RECURSO DE AGRAVO EM AGRAVO DE INSTRUMENTO EM RECURSO DE REVISTA. CONTRATO DE APRENDIZAGEM. RESCISÃO ANTECIPADA. REVOLVIMENTO DO CONJUNTO FÁTICO-PROBATÓRIO DOS AUTOS. SÚMULA 126 DO TST. O Tribunal Regional, soberano na análise das provas, concluiu que o contrato de aprendizagem foi rescindido de forma antecipada, sem que a Reclamada tivesse comprovado a alegação de que a aprendiz não atendeu às expectativas do contrato, nos termos do art. 433, I, da CLT, razão pela qual manteve a condenação da empresa ao pagamento da indenização prevista no art. 479 da CLT . Nesse contexto, somente com o revolvimento do conjunto fático - probatório dos autos poderia se chegar à conclusão diversa, o que não é admitido em sede de recurso extraordinário, nos termos da Súmula 126 do TST. Agravo conhecido e desprovido.

Vistos, relatados e discutidos estes autos de Agravo Regimental em Agravo de Instrumento em Recurso de Revista nº TST- AgR-AIRR-19900-06.2009.5.02.0314 , em que é Agravante VISTEON SISTEMAS AUTOMOTIVOS LTDA. e Agravada JANAINA NASCIMENTO COSTA .

O Reclamado interpõe agravo (fls. 299/305) em face da decisão monocrática às fls. 295/297, em que denegado seguimento ao seu agravo de instrumento, com fundamento no artigo 557, caput , do CPC.

É o relatório.

V O T O

1. CONHECIMENTO

CONHEÇO do agravo porque atendidos os pressupostos legais de admissibilidade.

2. MÉRITO

2.1 . CONTRATO DE APRENDIZAGEM. RESCISÃO ANTECIPADA. SÚMULA 126 DO TST

Como anotado na decisão agravada, não há espaço para o processamento do recurso de revista, uma vez que não atendidos os pressupostos recursais próprios.

Eis o teor da decisão agravada:

"D E C I S Ã O

Trata-se de agravo de instrumento interposto à decisão que denegou seguimento ao recurso de revista do reclamado, aos seguintes fundamentos:

"PRESSUPOSTOS INTRÍNSECOS

RESCISÃO DO CONTRATO DE TRABALHO.

Alegação (ões):

- violação do (s) art (s). art. 333, I do CPC e art. 818, da CLT.

Sustenta que o ônus de provar a motivação da rescisão é de

responsabilidade única e exclusiva do recorrido.

Consta do v. Acórdão:

"A autora firmou com a ré contrato de aprendizagem, nos termos do art. 428, § 3º da CLT, com vigência de 05/11/2007 à 04/11/2009 (f. 93/94).

Ocorre, porém, que o contrato foi rescindido, antecipadamente, sem justa causa, em 21/10/2008 (TRCT, f. 129).

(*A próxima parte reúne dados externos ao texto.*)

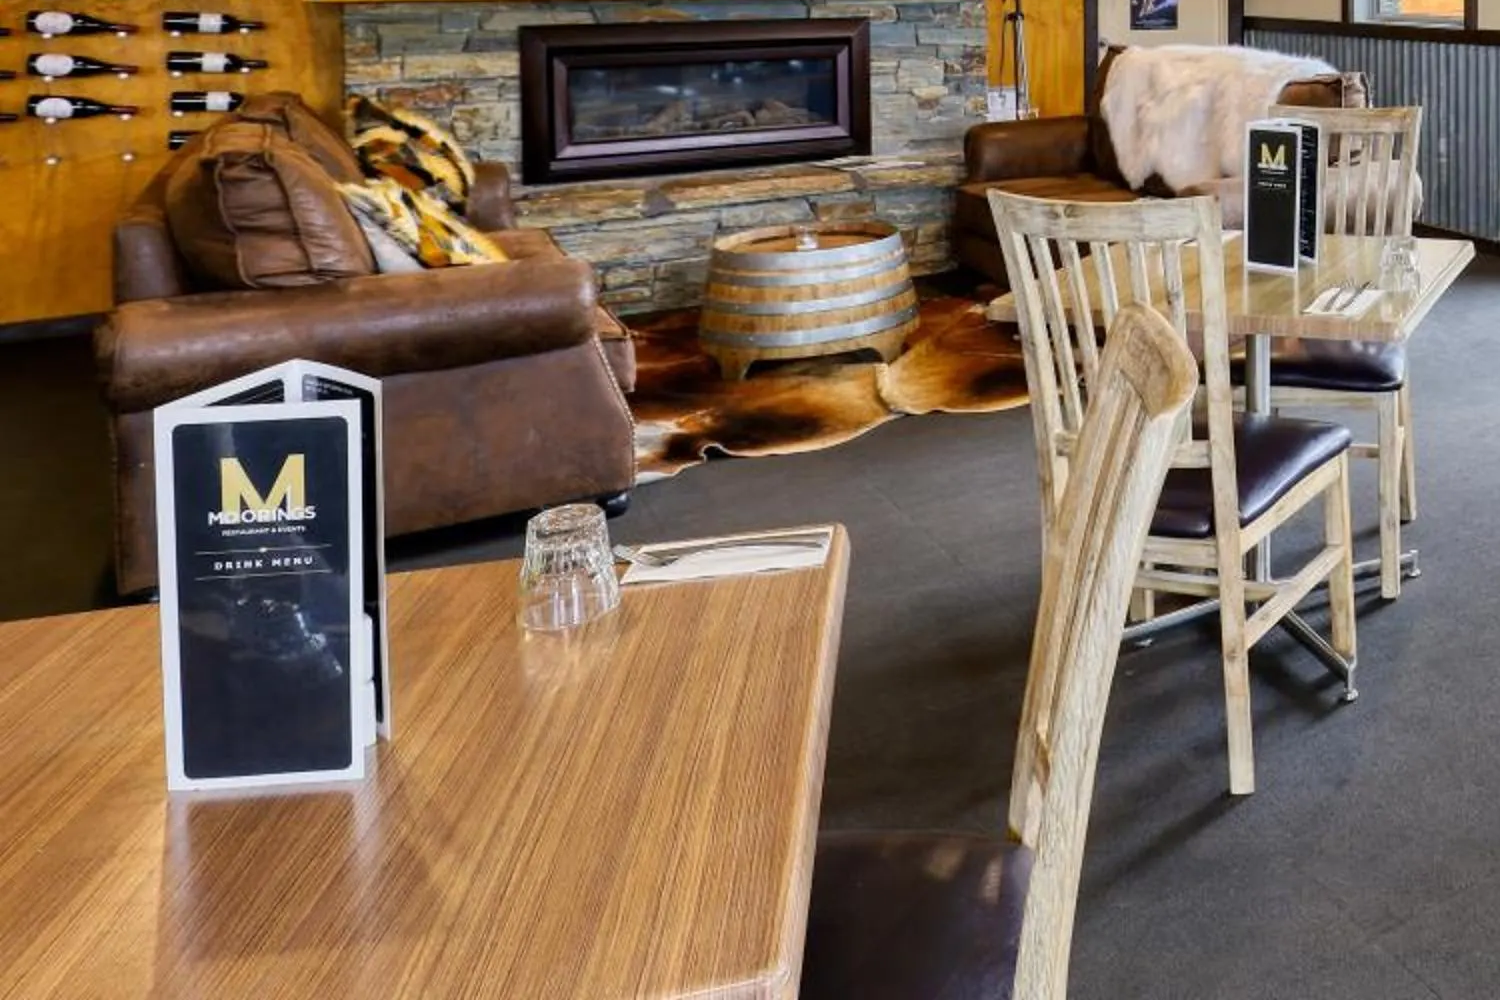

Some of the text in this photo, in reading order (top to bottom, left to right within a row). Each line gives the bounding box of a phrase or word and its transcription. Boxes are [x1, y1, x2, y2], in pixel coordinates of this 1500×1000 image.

[220, 454, 305, 523] M
[207, 505, 317, 526] MOORINGS
[213, 556, 313, 571] DRINK MENU
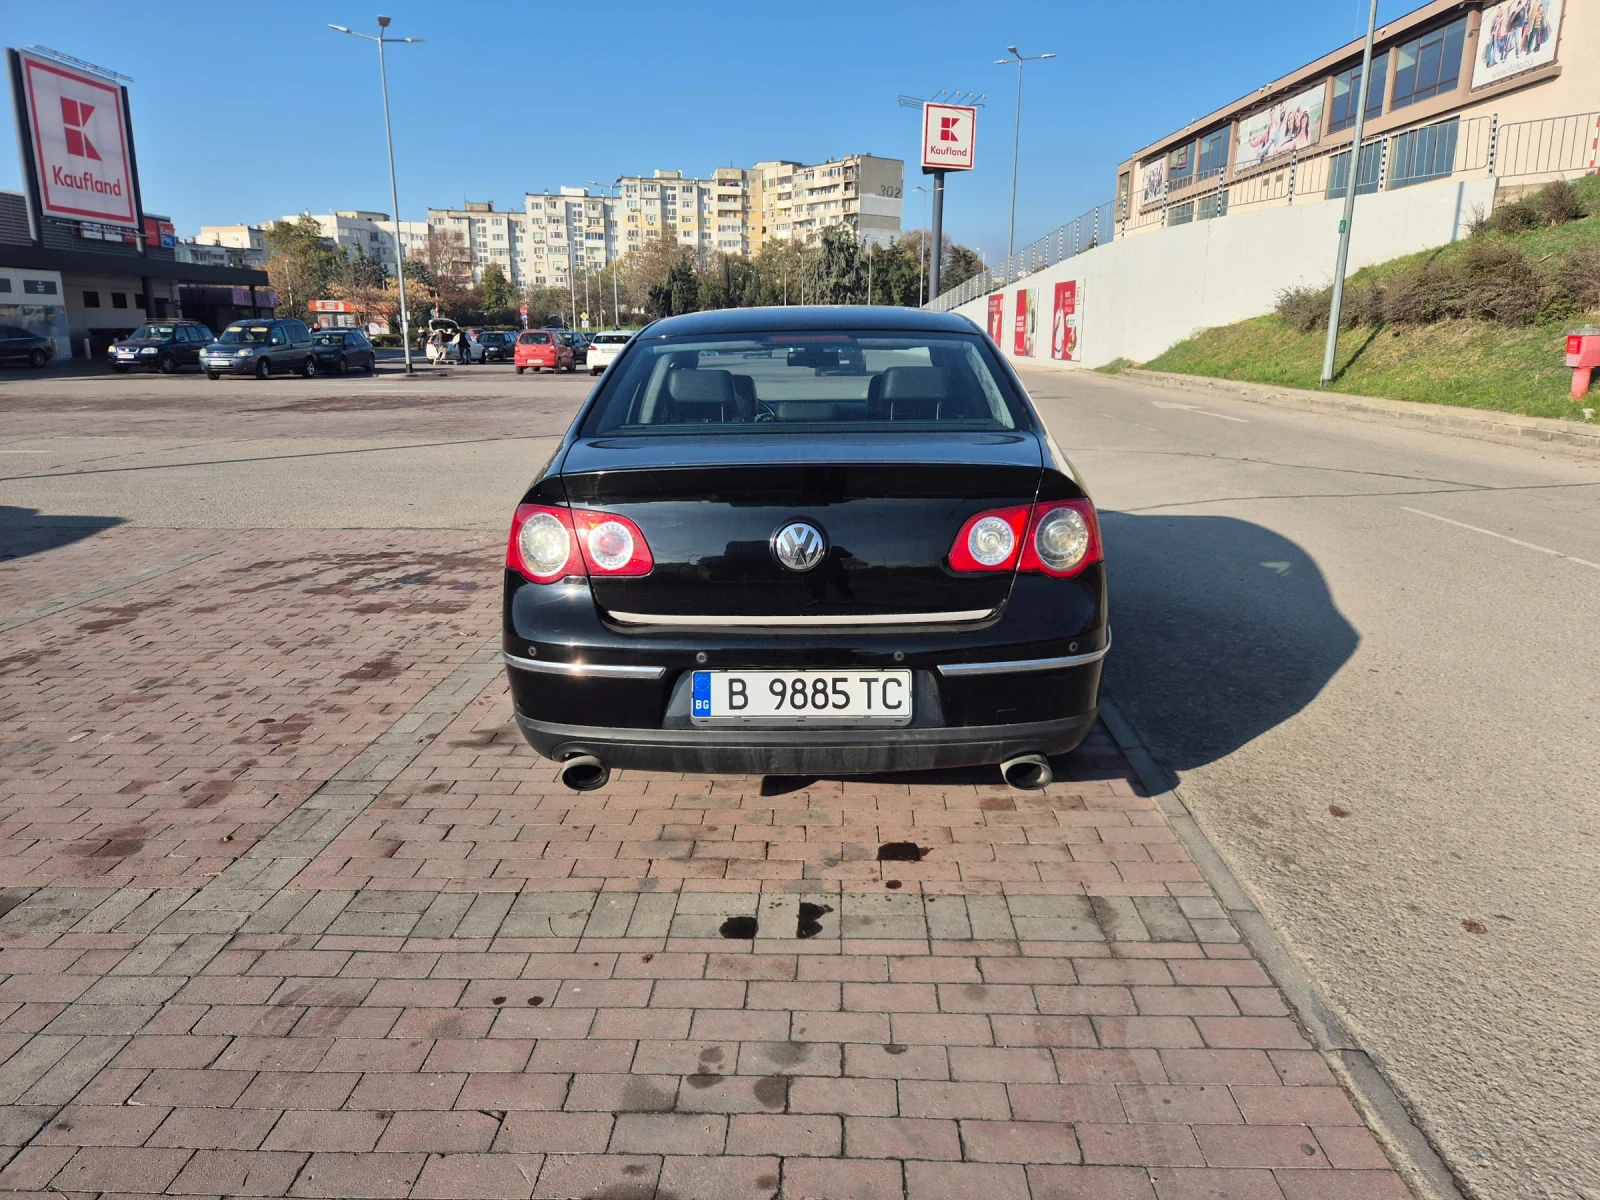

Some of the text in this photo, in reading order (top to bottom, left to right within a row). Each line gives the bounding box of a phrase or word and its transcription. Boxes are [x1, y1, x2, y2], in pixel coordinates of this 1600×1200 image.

[930, 145, 968, 157] Kaufland
[52, 164, 122, 197] Kaufland
[879, 184, 902, 199] 302
[728, 677, 903, 711] B 9885 TC
[695, 700, 710, 710] BG
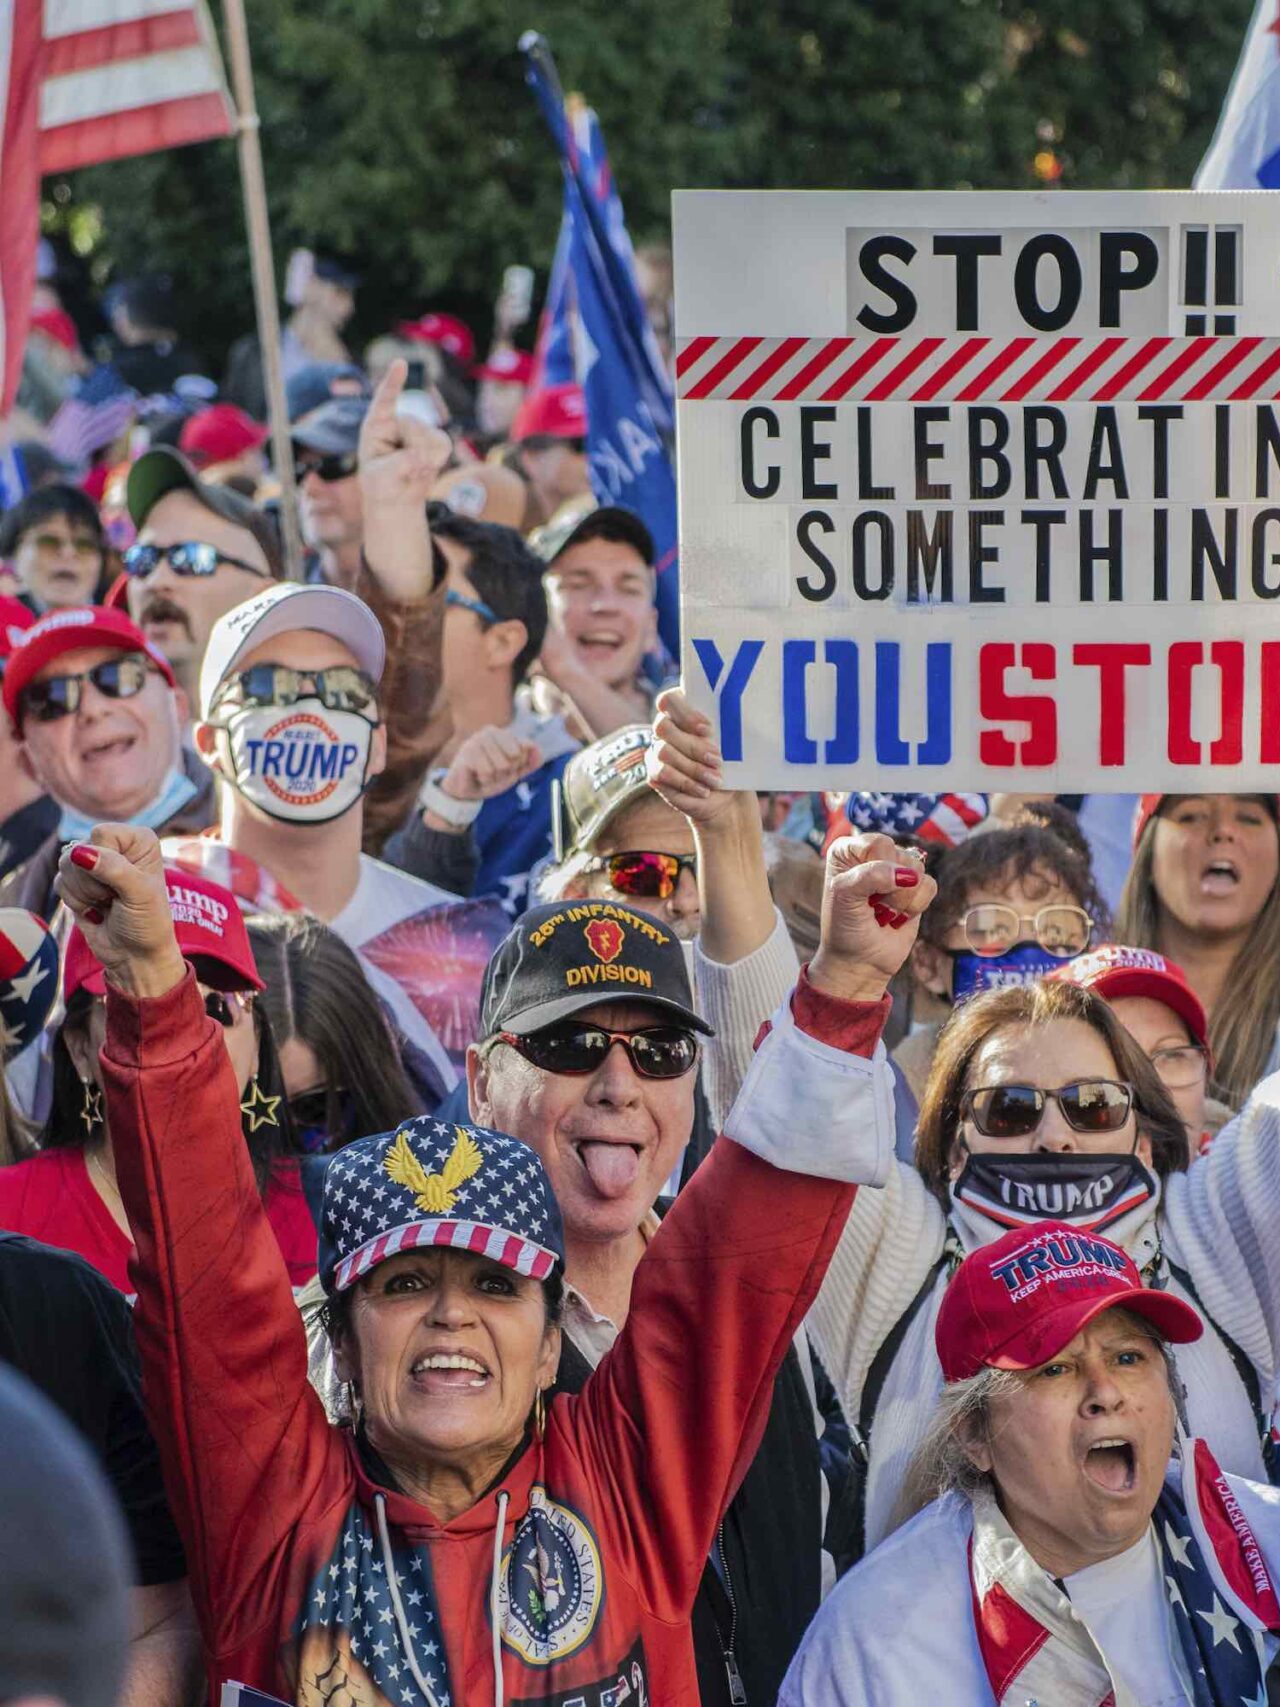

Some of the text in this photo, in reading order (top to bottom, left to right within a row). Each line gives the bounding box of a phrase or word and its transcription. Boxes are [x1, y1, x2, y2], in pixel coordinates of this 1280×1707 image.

[855, 230, 1238, 337] STOP!!
[691, 638, 954, 767] YOU
[246, 741, 359, 781] TRUMP
[166, 884, 229, 923] ump
[567, 903, 671, 946] INFANTRY
[565, 963, 653, 989] DIVISION
[999, 1174, 1114, 1214] TRUMP
[992, 1238, 1128, 1292] TRUMP
[1009, 1279, 1043, 1304] KEEP
[1043, 1265, 1101, 1285] AMERICA
[1213, 1475, 1271, 1595] MAKE AMERICA
[575, 1542, 597, 1628] STATES

Nesse caso, sendo o contrato de aprendizagem por prazo determinado, aplica-se a ele o art. 479 da CLT, salvo nas hipóteses taxativamente previstas no art. 433 da CLT, nas quais não está previsto a resolução antecipada sem justa causa.

A recorrente sustenta, em defesa (f. 84) que:" A rescisão contratual deu-se antes do termo final contrato, por iniciativa de reclamada, tendo em vista que a demandante não vinha atendendo a uma expectativa razoável de desenvolvimento no aprendizado. ". Assim, a ré atraiu para si o ônus de provar o fato alegado (art. 818 da CLT e 333, II do CPC), encargo do qual não se desincumbiu.

Agora, em sede recursal busca, de maneira totalmente reprovável, imputar à reclamante o ônus de comprovar que desempenhava suas funções corretamente.

Oras a própria ré trouxe aos autos o TRT (f.129) que comprova que autora foi demitida sem justa causa e nenhuma prova produziu de que demandante não desempenhava satisfatoriamente suas funções.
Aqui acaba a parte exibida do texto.